At the time of the film's release, the exciting car chase scenes, featuring McQueen at the wheel in all driver-visual scenes, generated prodigious excitement. Leonard Maltin has called it a "now-classic car chase, one of the screen's all-time best." Emanuel Levy wrote in 2003 that "Bullitt contains one of the most exciting car chases in film history, a sequence that revolutionized Hollywood's standards." In his obituary for Peter Yates, Bruce Weber wrote, "Mr. Yates' reputation probably rests most securely on Bullitt (1968), his first American film – and indeed, on one particular scene, an extended car chase that instantly became a classic."

Filming
The chase scene starts at 1:05:00 into the film. The total time of the scene is 10 minutes and 53 seconds. It begins under Highway 101 in the city's Mission District, as Bullitt spots the hitmen's car. It ends outside the city, at the Brisbane exit of the Guadalupe Canyon Parkway on San Bruno Mountain. Shooting occurred over a period of weeks. The chase sequence combined several locations, located miles apart and edited together. Mapping the movie route shows that it is not continuous and is impossible to follow in real time.
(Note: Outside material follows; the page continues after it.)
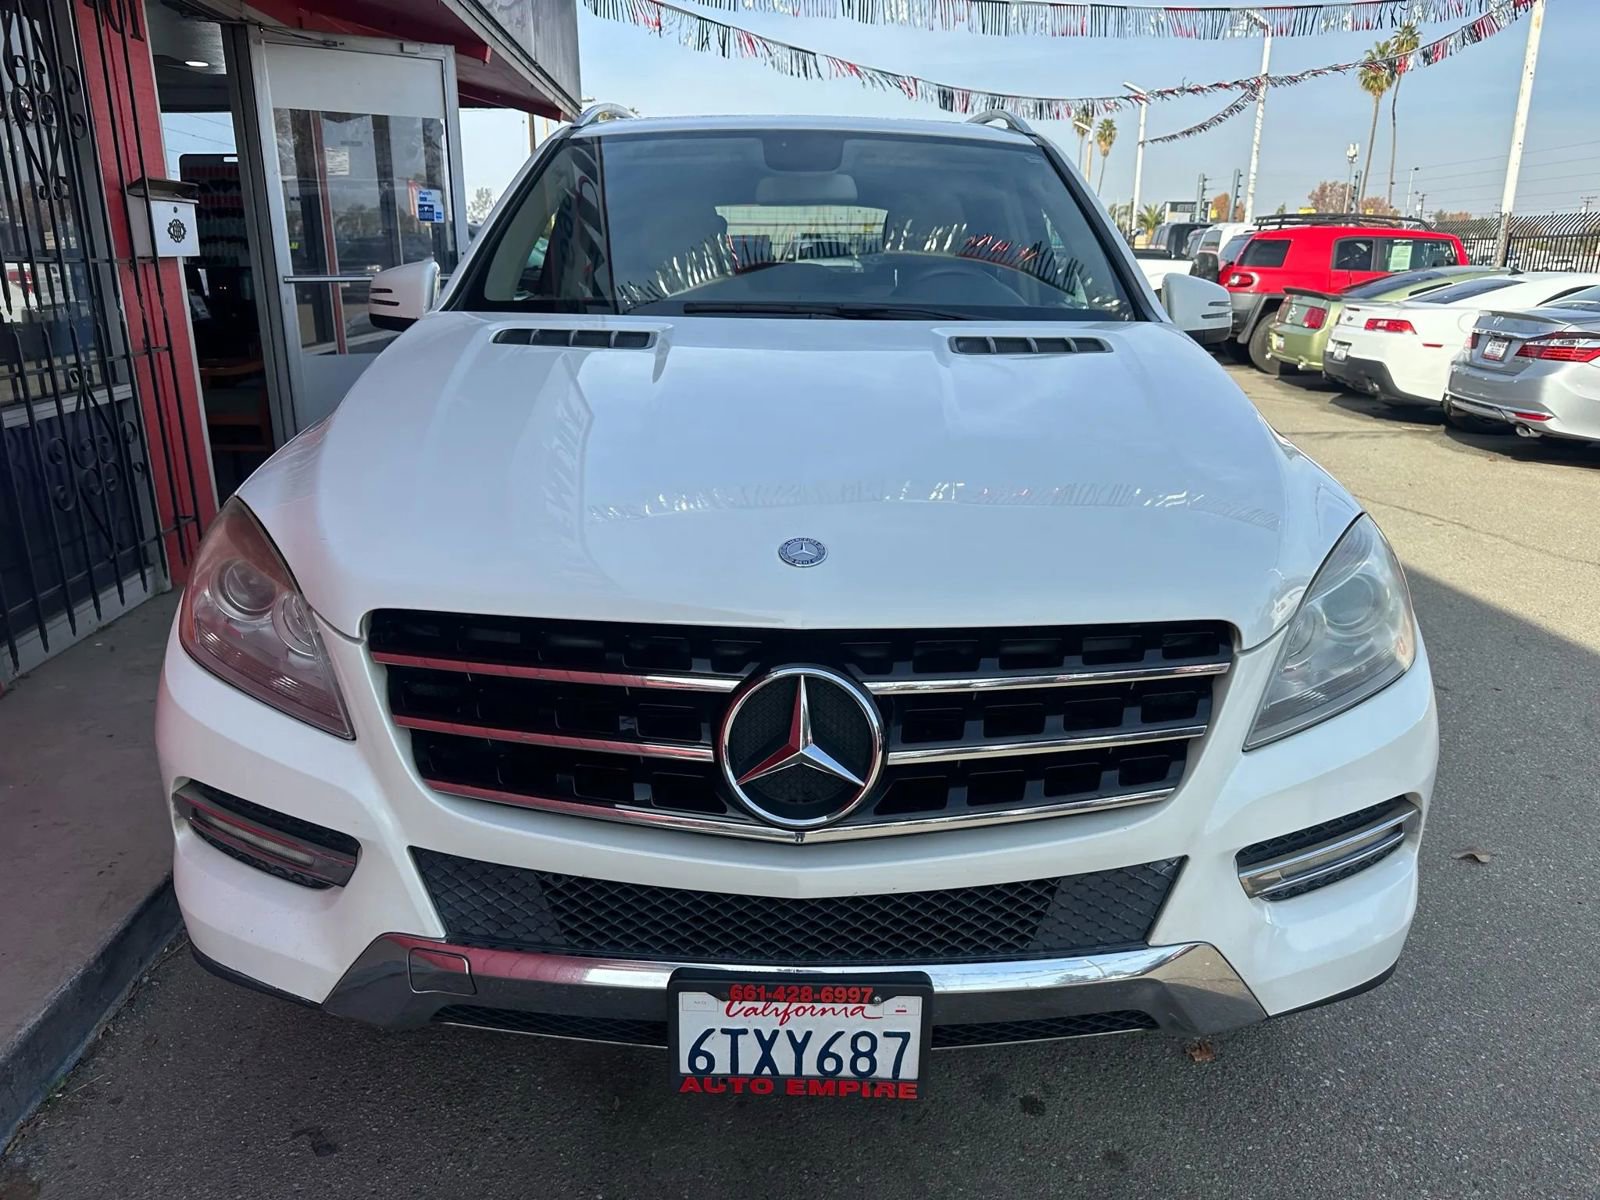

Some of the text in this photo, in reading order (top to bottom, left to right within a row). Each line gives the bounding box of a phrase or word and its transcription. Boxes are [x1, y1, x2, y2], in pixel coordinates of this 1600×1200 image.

[729, 984, 874, 1004] 661-428-6997
[725, 1000, 883, 1026] California
[687, 1027, 912, 1080] 6TXY687
[679, 1076, 918, 1099] AUTO EMPIRE
Two 1968 390 cu. in. V8 Ford Mustang GT Fastbacks (325 hp) with four-speed manual transmissions were purchased by Warner Bros. for the film. The Mustangs' engines, brakes and suspensions were heavily modified for the chase by veteran car racer and technician Max Balchowsky. In 2020, one of the fastbacks was sold at Mecum Auctions for a record price of $3.7 million. Ford Motor Company originally lent two Galaxie sedans for the chase scenes, but the producers found the cars too heavy for the jumps over the hills of San Francisco and also a Ford-Ford battle would not be believable on screen. They were replaced with two 1968 375-hp 440 Magnum V8-powered Dodge Chargers. The engines in both Dodge Charger models were left largely unmodified, but the suspensions were mildly upgraded to cope with the demands of the stunt work.
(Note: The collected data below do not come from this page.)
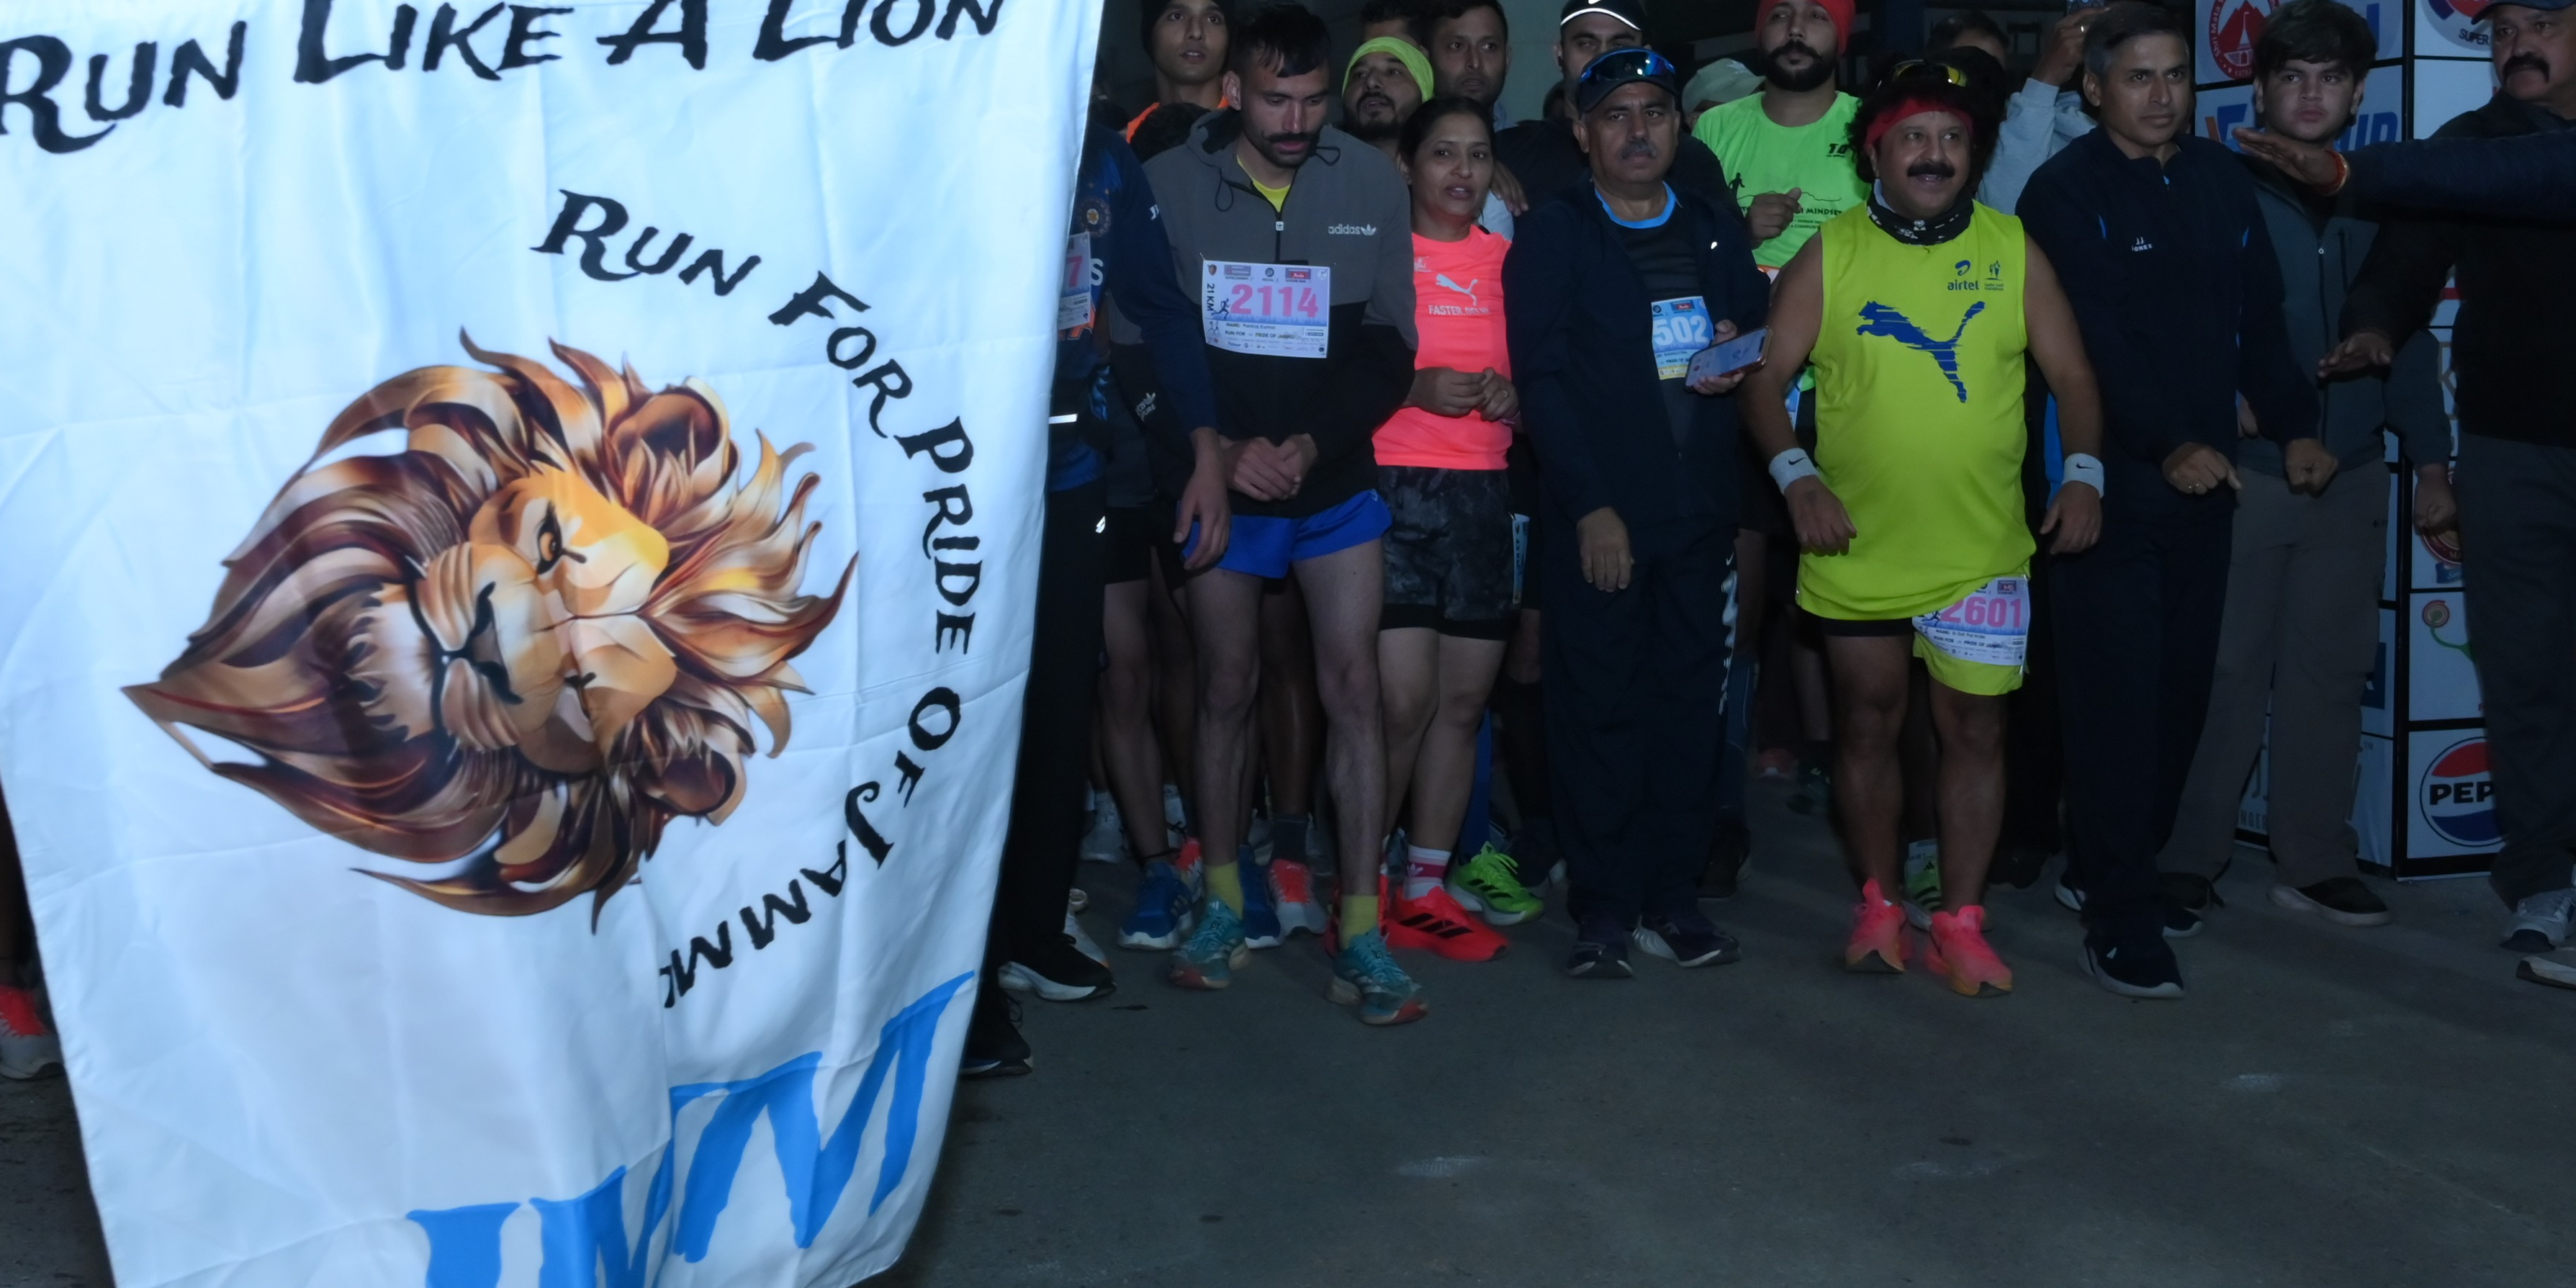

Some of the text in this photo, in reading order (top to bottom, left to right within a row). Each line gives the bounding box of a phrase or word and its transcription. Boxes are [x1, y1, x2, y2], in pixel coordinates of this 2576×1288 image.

[2459, 28, 2489, 45] SUPER
[0, 20, 247, 153] RUN
[294, 0, 575, 84] LIKE
[596, 0, 708, 71] A
[529, 189, 762, 297] RUN
[1328, 223, 1361, 235] adidas
[1207, 283, 1215, 312] 21 KM
[1947, 279, 1979, 290] airtel
[1230, 284, 1319, 318] 2114
[1653, 315, 1710, 346] 502
[767, 271, 913, 438] FOR
[893, 415, 983, 655] PRIDE
[1940, 596, 2021, 628] 2601
[894, 686, 962, 809] OF
[2430, 781, 2495, 805] PEP
The director called for maximum speeds of about , but the cars (including the chase cars filming) at times reached speeds over .  Driver's point-of-view shots were used to give the audience a participant's feel of the chase. Filming took three weeks, resulting in 9 minutes and 42 seconds of pursuit. Multiple takes were spliced into a single end product resulting in discontinuity: heavy damage on the passenger side of Bullitt's car can be seen much earlier than the incident producing it, and the Charger appears to lose five wheel covers, with different ones missing in different shots. Shooting from multiple angles simultaneously and creating a montage from the footage to give the illusion of different streets also resulted in the speeding cars passing the same vehicles at several different times, including, as widely noted, a green Volkswagen Beetle. In one scene, the Charger crashes into the camera; the damaged front fender is noticeable in later scenes. Local authorities did not allow the car chase to be filmed on the Golden Gate Bridge, but did permit it in Midtown locations including Bernal Heights and the Mission District, and on the outskirts of neighboring Brisbane.
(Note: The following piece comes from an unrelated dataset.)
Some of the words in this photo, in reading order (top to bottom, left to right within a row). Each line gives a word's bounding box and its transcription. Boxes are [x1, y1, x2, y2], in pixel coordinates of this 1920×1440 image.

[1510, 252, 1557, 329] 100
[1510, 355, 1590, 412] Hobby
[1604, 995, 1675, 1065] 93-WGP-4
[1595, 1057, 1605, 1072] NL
McQueen, at the time a world-class race-car driver, drove in the close-up scenes, while stunt coordinator Carey Loftin, stuntman and motorcycle racer Bud Ekins, and McQueen's usual stunt driver, Loren Janes, drove for the high-speed parts of the chase and performed other dangerous stunts. Ekins, who doubled for McQueen in The Great Escape sequence where McQueen's character jumps over a barbed-wire fence on a motorcycle, performs a lowsider crash stunt in front of a skidding truck during the Bullitt chase. The Mustang's interior rearview mirror goes up and down depending on who is driving: when the mirror is up, McQueen is visible behind the wheel, when it is down, a stunt man is driving.

The black Dodge Charger was driven by veteran stunt driver Bill Hickman, who played one of the hitmen and helped with the chase scene choreography. The other hitman was played by Paul Genge, who played a character who had ridden a Dodge off the road to his death in an episode of Perry Mason ("The Case of the Sausalito Sunrise") two years earlier. In a magazine article many years later, one of the drivers involved in the chase sequence remarked that the Charger - with a larger engine (big-block 440 cu. in. versus the 390 cu. in.) and greater horsepower (375 versus 325) - was so much faster than the Mustang that the drivers had to keep backing off the accelerator to prevent the Charger from pulling away from the Mustang.

Editing
The editing of the car chase likely won Frank P. Keller the editing Oscar for 1968, and has been included in lists of the "Best Editing Sequences of All-Time". Paul Monaco has written, "The most compelling street footage of 1968, however, appeared in an entirely contrived sequence, with nary a hint of documentary feel about it – the car chase through the streets of San Francisco in Bullitt, created from footage shot over nearly five weeks. Billy Fraker, the cinematographer for the film, attributed the success of the chase sequence primarily to the work of the editor, Frank P. Keller. At the time, Keller was credited with cutting the piece in such a superb manner that he made the city of San Francisco a "character" in the film." The editing of the scene was not without difficulties; Ralph Rosenblum wrote in 1979 that "those who care about such things may know that during the filming of the climactic chase scene in Bullitt, an out-of-control car filled with dummies tripped a wire which prematurely sent a costly set up in flames, and that editor Frank Keller salvaged the near-catastrophe with a clever and unusual juxtaposition of images that made the explosion appear to go off on time." This chase scene has also been cited by critics as groundbreaking in its realism and originality.

Music

The original score was composed by Lalo Schifrin to track the various moods and the action of the film, with Schifrin's signature contemporary American jazz style. The tracks on the soundtrack album are alternate versions of those heard in the film, re-recorded by Schifrin with leading jazz musicians, including Bud Shank (flute), Carol Kaye (electric bass), Ray Brown (bass), Howard Roberts (guitar), and Larry Bunker (drums).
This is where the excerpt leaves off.